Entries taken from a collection
———

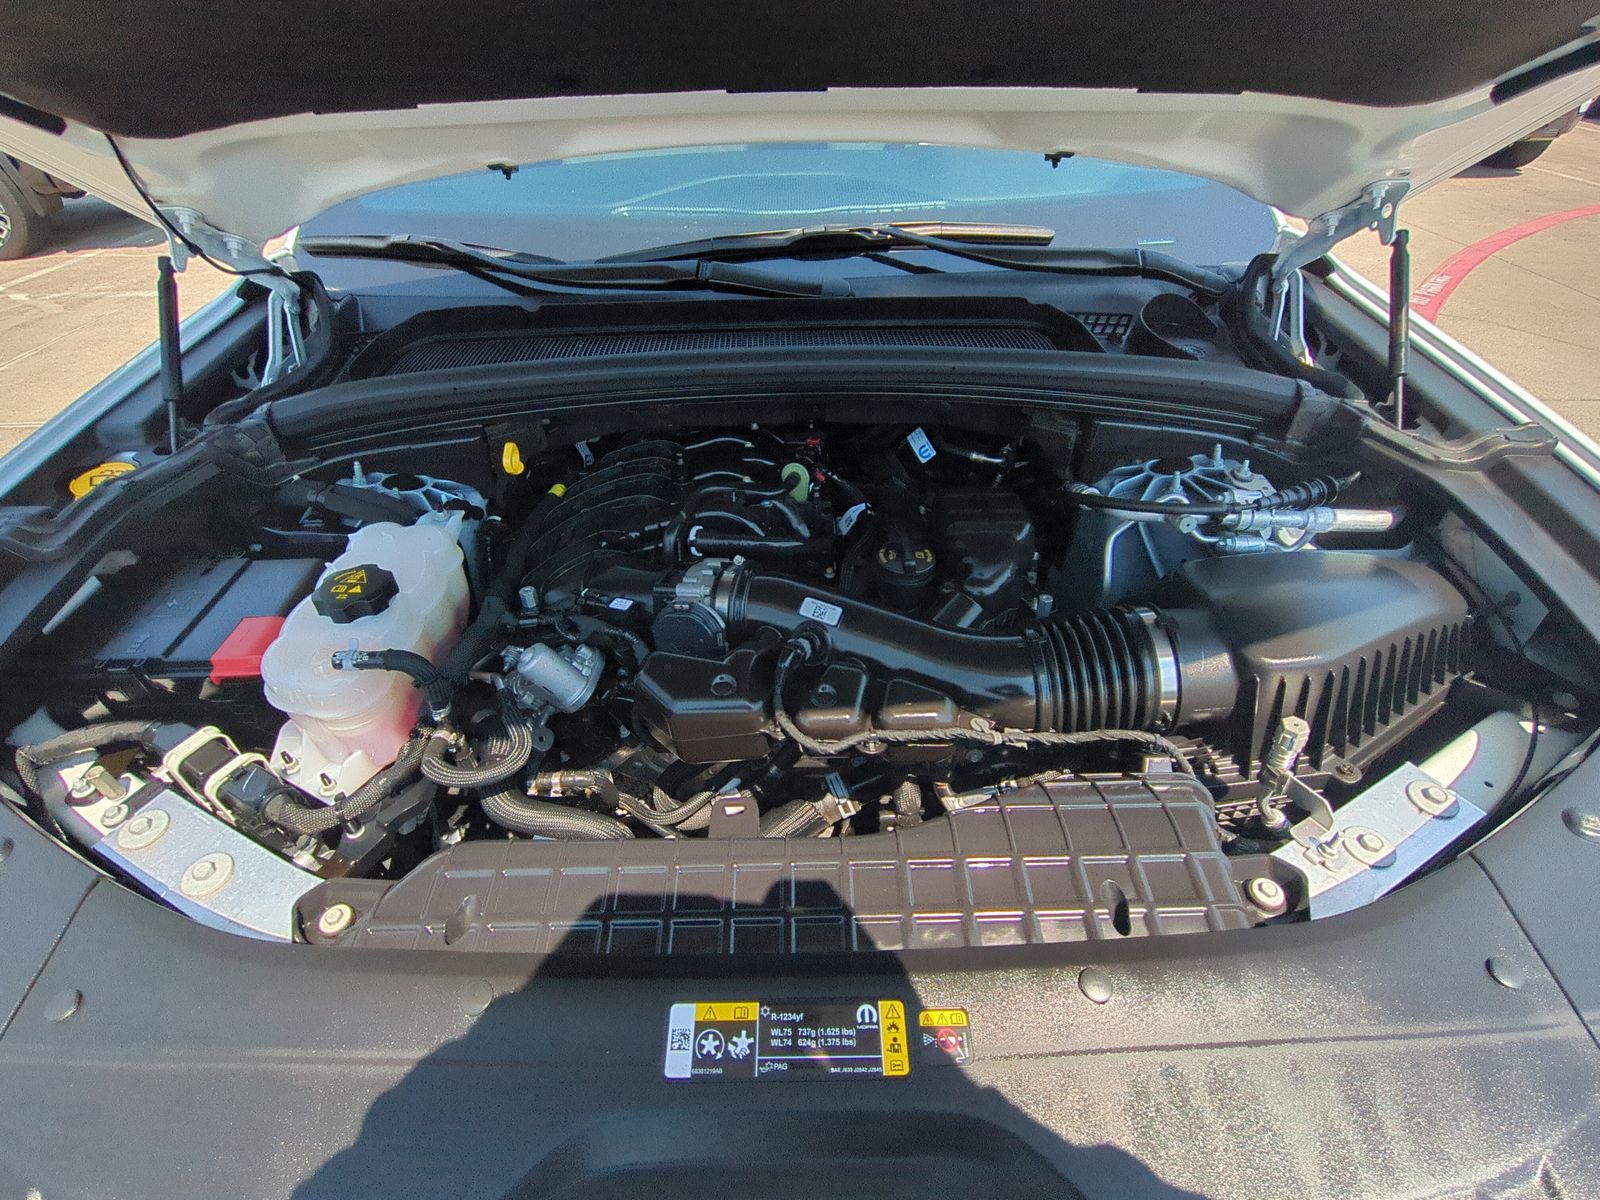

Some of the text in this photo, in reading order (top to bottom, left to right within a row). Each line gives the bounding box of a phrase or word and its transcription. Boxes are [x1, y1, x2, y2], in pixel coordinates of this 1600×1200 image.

[771, 1012, 804, 1022] R-1234yf
[770, 1027, 856, 1038] WL75 737g (1.625 lbs)
[770, 1038, 857, 1048] WL74 624g (1.375 lbs)
[773, 1062, 788, 1071] PAG
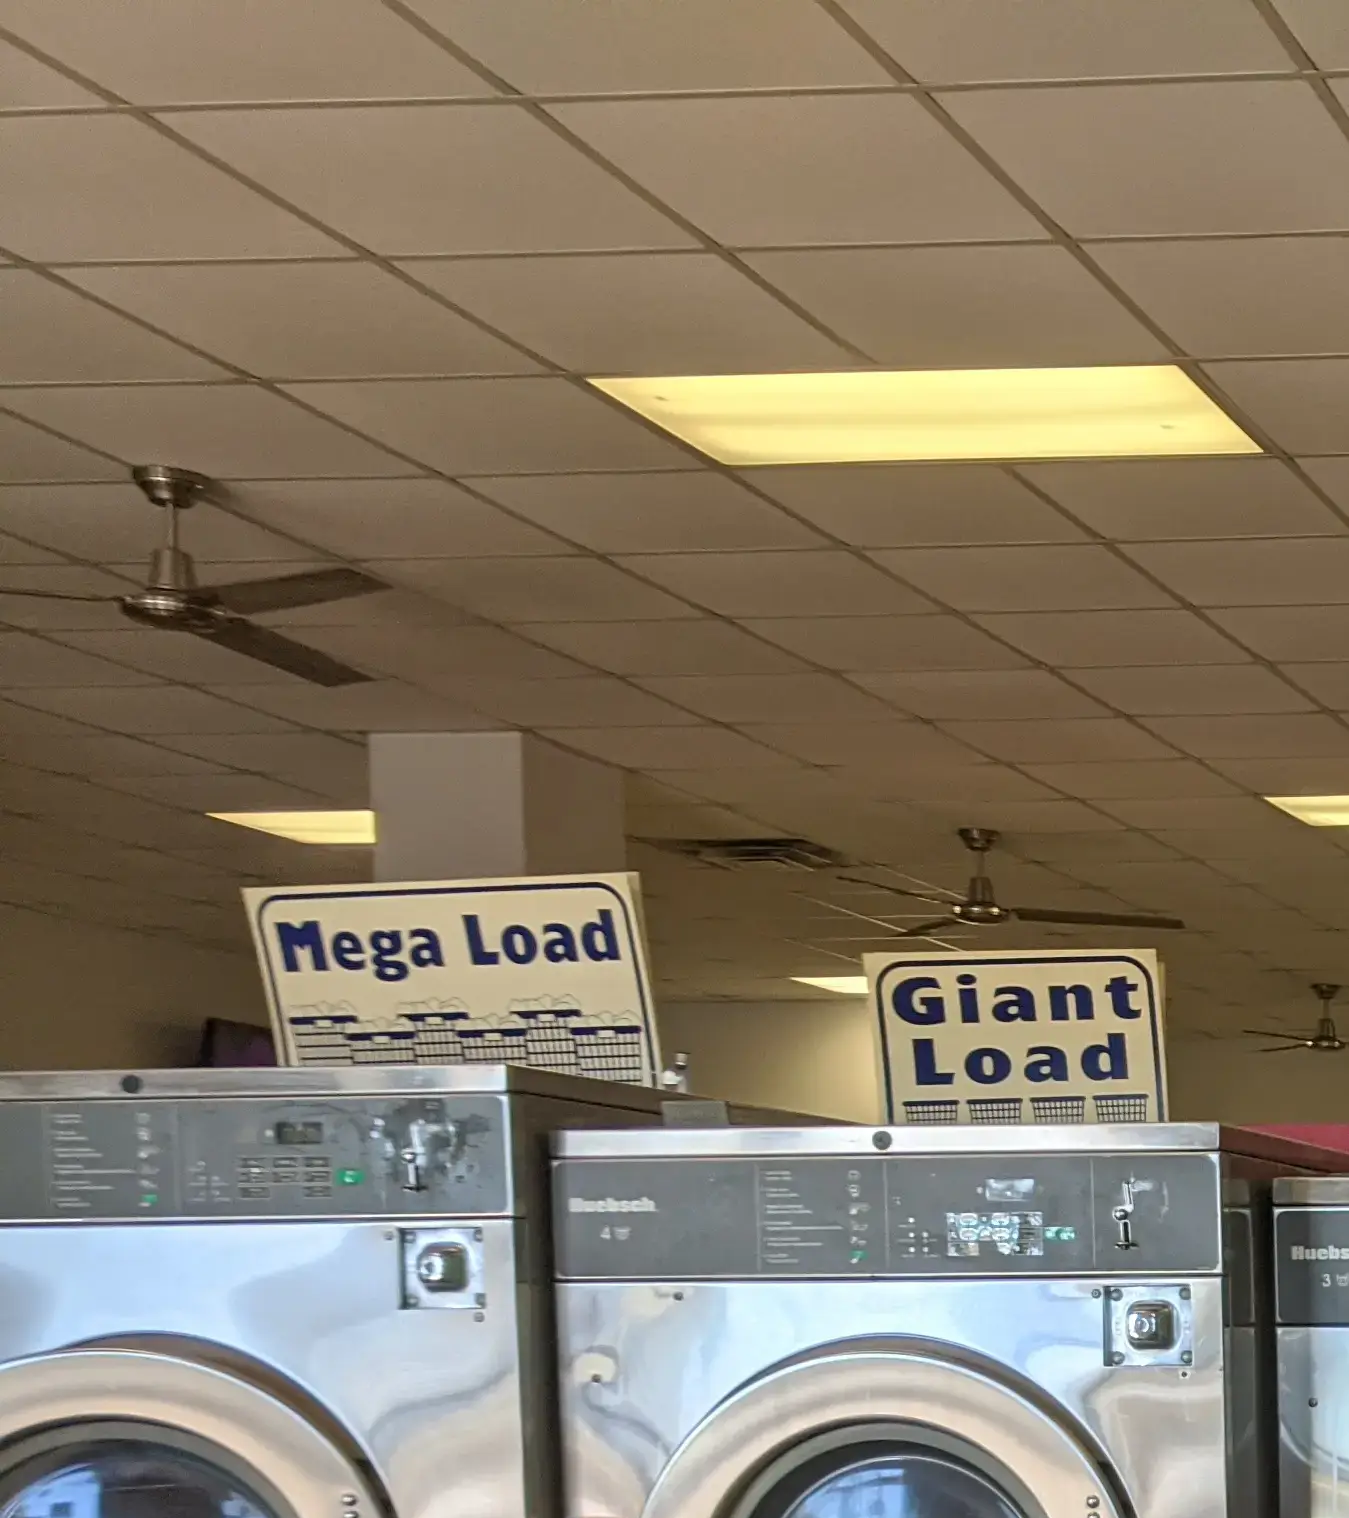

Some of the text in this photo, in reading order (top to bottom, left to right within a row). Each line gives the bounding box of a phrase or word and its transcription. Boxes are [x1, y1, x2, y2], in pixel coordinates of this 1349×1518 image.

[274, 908, 621, 982] Mega Load
[892, 973, 1142, 1026] Giant
[913, 1032, 1130, 1086] Load
[1322, 1273, 1332, 1288] 3

———

▸ REQUIREMENT: Repeat only the stretch of lines starting at the one containing "this 1349×1518 image." and running to the final line of the entries above.

▸ EXERCISE RESULT:
Some of the text in this photo, in reading order (top to bottom, left to right within a row). Each line gives the bounding box of a phrase or word and its transcription. Boxes are [x1, y1, x2, y2], in pixel coordinates of this 1349×1518 image.

[274, 908, 621, 982] Mega Load
[892, 973, 1142, 1026] Giant
[913, 1032, 1130, 1086] Load
[1322, 1273, 1332, 1288] 3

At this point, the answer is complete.